This is in no small part due to the special position of China, a country where developmental advances and environmental challenges coexist in unique tension. In China, the world sees its environmental problems and solutions exhibited with exemplary vividness.
By the end of the 20th century, following two decades of extremely rapid economic growth, China’s dream of industrial modernization had been transformed into an established fact, and the environmental consequences of this achievement were quickly coming into focus. Store your old car Energy consumption was a special concern, sparking alarm over energy security and environmental deterioration.
Despite comparatively highly-developed hydro resources, coal still accounted for close to 80% of the country’s electricity, resulting in severe particulate atmospheric pollution and carbon emissions that extorted a cruel toll from the nation’s lungs and in its hazardous mining industry. Global warming projections were particularly menacing given the country’s exceptional vulnerability to desertification and rising sea levels.
Since the beginning of the new millennium, the Chinese government has strongly committed to advanced energy technology, prioritizing research, development, and installation of hydro, wind, solar, and nuclear power. Wind-power capacity in the country has been massively expanded and a solar industry built from scratch to become the world’s largest (by production volume), while clean coal (gassification) technology, household solar water heaters, and energy-efficient lighting have been vigorously pursued. Prior to the Copenhagen climate conference, it declared plans to produce 15% of its energy from renewable sources by 2020, while reducing the energy intensity of economic activities by 40-45%.
While Chinese industrialization was attended by enormous environmental problems, rising prosperity brought remedies within reach. In the country’s increasingly affluent coastal city’s, a variety of environmental indicators improved remarkably. Since the turn of the millennium, Shanghai’s air and water quality have been steadily raised, its waterways cleaned, and green space expanded (from 20% to 38% of the urban area, and from 3.62 sqm to 12.5 sqm per capita).
Development of the city’s transport infrastructure has been guided by long-term environmental considerations, emphasizing tracked mass-transit systems and the phased introduction of low-emissions public road vehicles. In addition, the importance of heritage preservation has risen to become a central guideline of urban reconstruction. Recent professional polling shows that 87% of Shanghai residents acknowledge a clear improvement in environment quality.

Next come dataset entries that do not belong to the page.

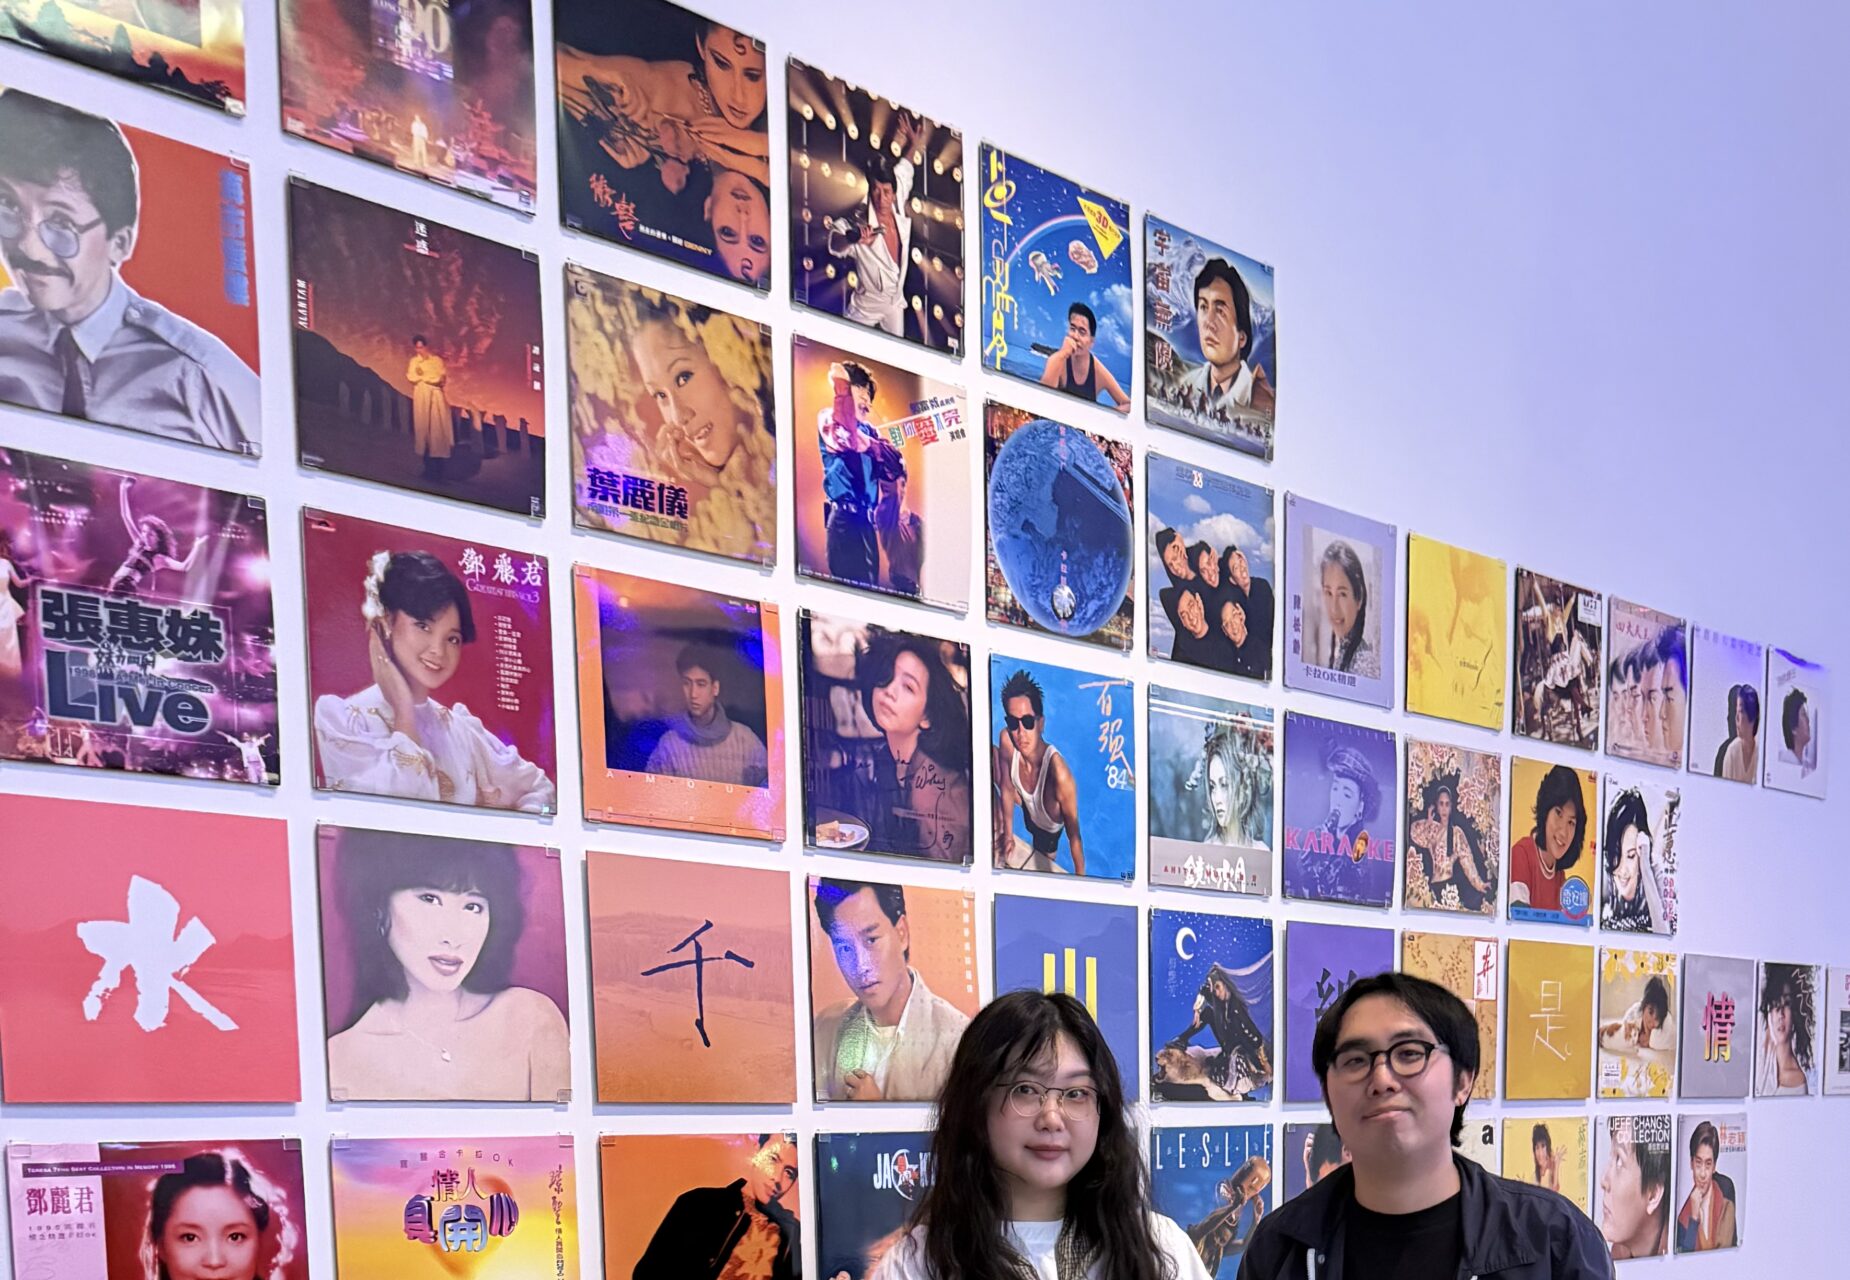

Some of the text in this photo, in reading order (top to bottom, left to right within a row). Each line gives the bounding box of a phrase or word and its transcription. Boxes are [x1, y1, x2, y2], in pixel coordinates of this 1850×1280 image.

[40, 588, 227, 665] 張惠妹
[45, 650, 213, 734] Live
[1284, 825, 1395, 864] KARAOKE
[76, 874, 239, 1031] 水
[641, 918, 755, 1048] 千
[1530, 979, 1573, 1062] 是
[1702, 991, 1736, 1063] 情
[1156, 1126, 1271, 1169] LESLIE
[1616, 1129, 1671, 1144] COLLECTION
[26, 1185, 94, 1215] 鄧麗君

Since winning the Expo bid in 2002, Shanghai has launched a succession of three-year environmental action plans, investing roughly 3% of the city’s GDP of green projects over the period (for a total exceeding RMB 225 billion, or US$33 billion).
The Expo theme of ‘Better city, better life’, with its obvious environmental connotations, was made a discussion topic in the city’s schools, and public campaigns were launched to encourage environmentally-conscious individual behavior, from rubbish classification and reduction in the usage of plastic shopping bags, to economical usage of water and air conditioning. These initiatives have been coordinated with the United Nations Environmental Programme.

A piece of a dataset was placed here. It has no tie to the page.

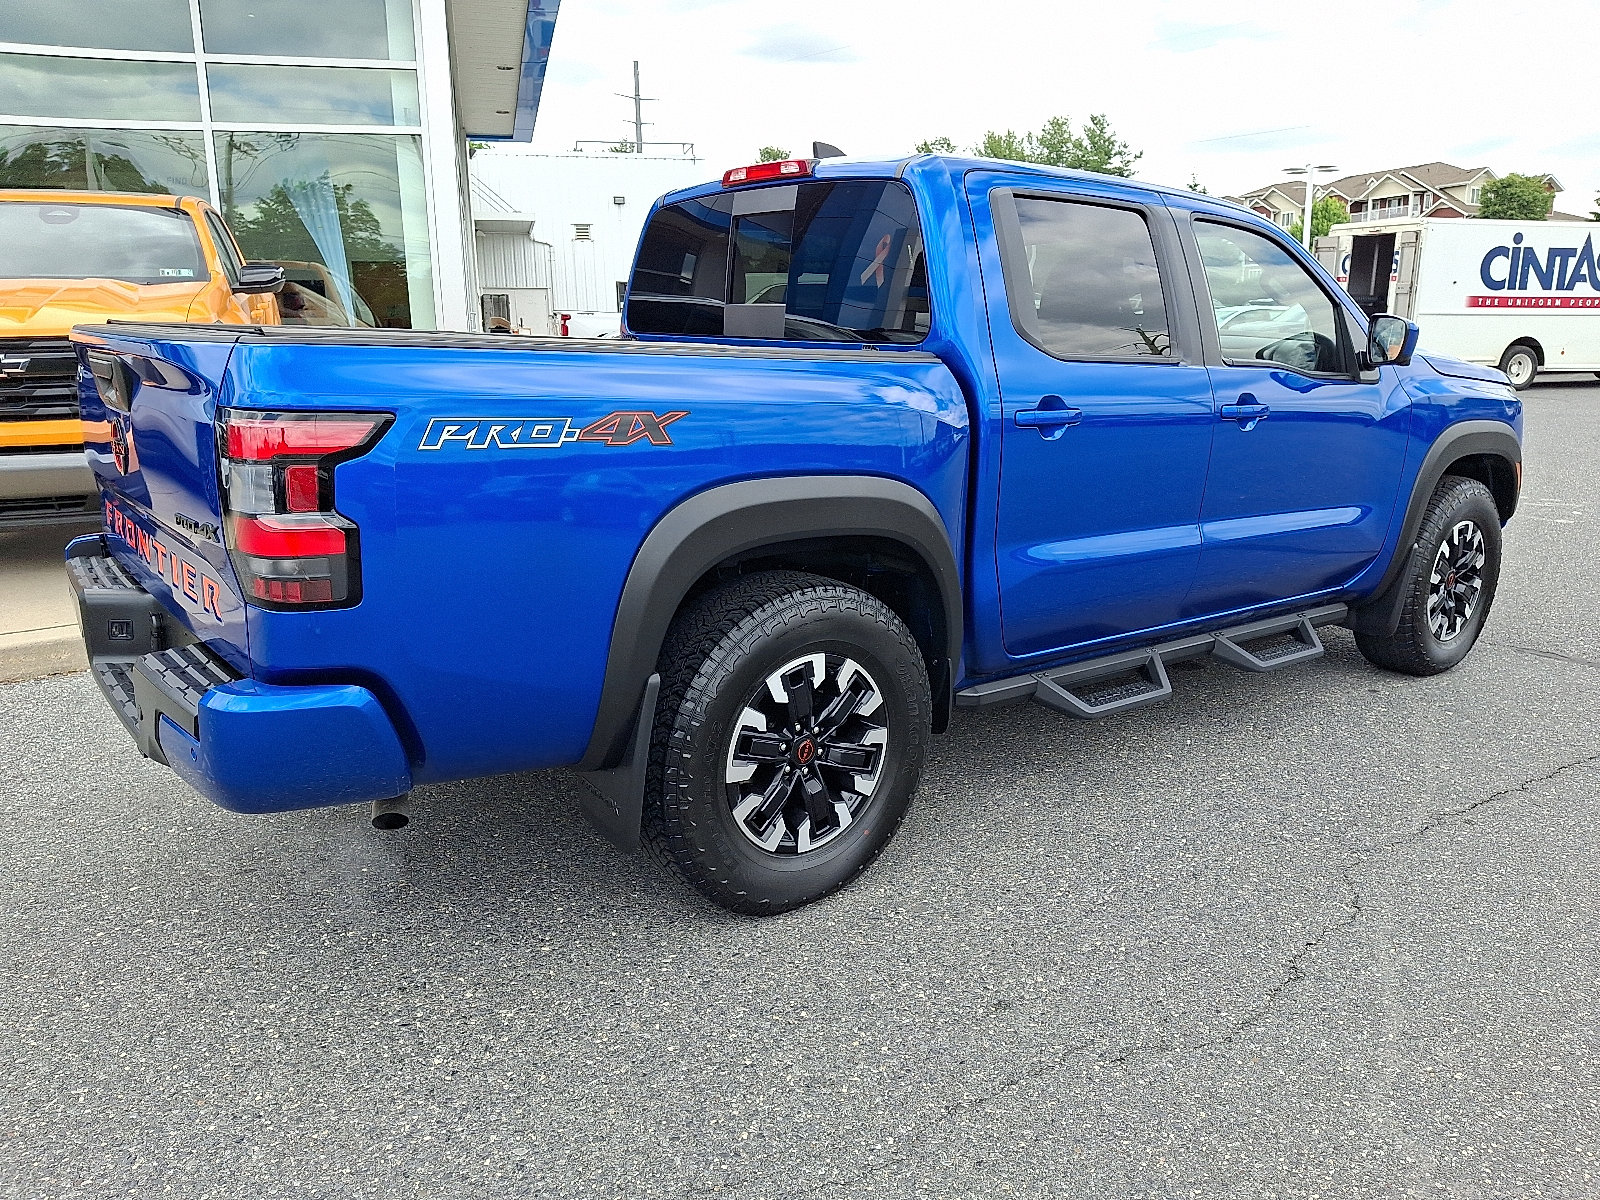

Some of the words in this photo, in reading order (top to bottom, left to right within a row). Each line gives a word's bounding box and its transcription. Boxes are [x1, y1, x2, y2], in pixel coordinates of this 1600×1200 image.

[1480, 231, 1600, 291] CINTA
[1478, 298, 1500, 307] THE
[1507, 298, 1561, 307] UNIFORM
[104, 498, 224, 625] FRONTIER

The Expo site itself has been planned as an environmental show case, with the aim of closely matching green messages to applications of advanced green technologies. Sustainability and heritage protection were adopted as governing criteria during the process of construction, favoring eco-friendly materials. The major structures incorporate equipment for solar and geothermal energy generation, river water thermal conduction, and rainwater collection and purification, with total solar power capacity of the Expo Park is estimated at 4.7 megawatts.
The most visually arresting green innovation has been erected along the Expo Boulevard’s ‘Sun Valley’, where six giant funnels swallow sunlight and rainfall for the lower levels of the structure. Power-saving lighting based on LED (light emitting diode) systems have been widely employed.
Transport operations at the site have been treated as a test-bed for zero-emissions vehicle technologies, demonstrated in a mixed fleet of buses and buggies. Expo participants have aligned themselves enthusiastically with the green agenda, competing to establish national and corporate brand-building credentials through environmentally sensitive processes, technologies, and messages. Among the national pavilions, in particular, attention to green concerns has been a universal feature, foregrounded in building designs, exhibitions, themes, and public relations.